Arthur Charguéraud contributes to the ERC DeepSea project, which is hosted at Inria Paris (team Gallium). With his co-authors, he focused recently on the development of techniques for controlling granularity in parallel programs. Granularity control is an essential problem because creating too many tasks may induce overwhelming overheads, while creating too few tasks may harm the ability to process tasks in parallel. Granularity control turns out to be especially challenging for nested parallel programs, i.e., programs in which parallel constructs such as fork-join or parallel-loops can be nested arbitrarily. This year, the DeepSea team investigated two different approaches.

The first one is based on the use of asymptotic complexity functions provided by the programmer, combined with runtime measurements to estimate the constant factors that apply. Combining these two sources of information allows to predict with reasonable accuracy the execution time of tasks. Such predictions may be used to guide the generation of tasks, by sequentializing computations of sufficiently-small size.
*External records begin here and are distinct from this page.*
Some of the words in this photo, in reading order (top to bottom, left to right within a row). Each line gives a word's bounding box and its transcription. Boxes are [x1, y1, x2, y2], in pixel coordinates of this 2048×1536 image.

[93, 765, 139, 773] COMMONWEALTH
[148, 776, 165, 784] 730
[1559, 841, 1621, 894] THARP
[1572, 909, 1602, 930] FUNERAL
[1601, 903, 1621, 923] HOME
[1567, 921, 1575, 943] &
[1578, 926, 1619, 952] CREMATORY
An analysis is developed, establishing that task creation overheads are indeed bounded to a small fraction of the total runtime. These results extend prior work by the same authors [22], extending them with a carefully-designed algorithm for ensuring convergence of the estimation of the constant factors deduced from the measures, even in the face of noise and cache effects, which are taken into account in the analysis. The approach is demonstrated on a range of benchmarks taken from the state-of-the-art PBBS benchmark suite. These results have been accepted for publication at PPoPP'19.
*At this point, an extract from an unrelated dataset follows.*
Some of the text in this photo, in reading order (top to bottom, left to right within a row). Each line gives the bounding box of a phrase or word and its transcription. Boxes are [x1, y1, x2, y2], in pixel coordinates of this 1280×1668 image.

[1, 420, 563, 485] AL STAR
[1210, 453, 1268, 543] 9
The second approach is based on an instrumentation of the runtime system. The idea is to process parallel function calls just like normal function calls, by pushing a frame on the stack, and only subsequently promoting these frames as threads that might get scheduled on other cores. The promotion of frames takes place at regular time interval, hence the name heartbeat scheduling given to the approach. Unlike in prior approaches such as lazy scheduling, in which promotion is guided by the work load of the system, hearbeat scheduling can be proved to induce only small scheduling overheads, and to not reduce asymptotically the amount of parallelism inherent to the parallel program. The theory behind the approach is formalized in Coq. It is also implemented through instrumented C++ programs, and evaluated on PBBS benchmarks. A paper describing this approach was published at PLDI'18 [12].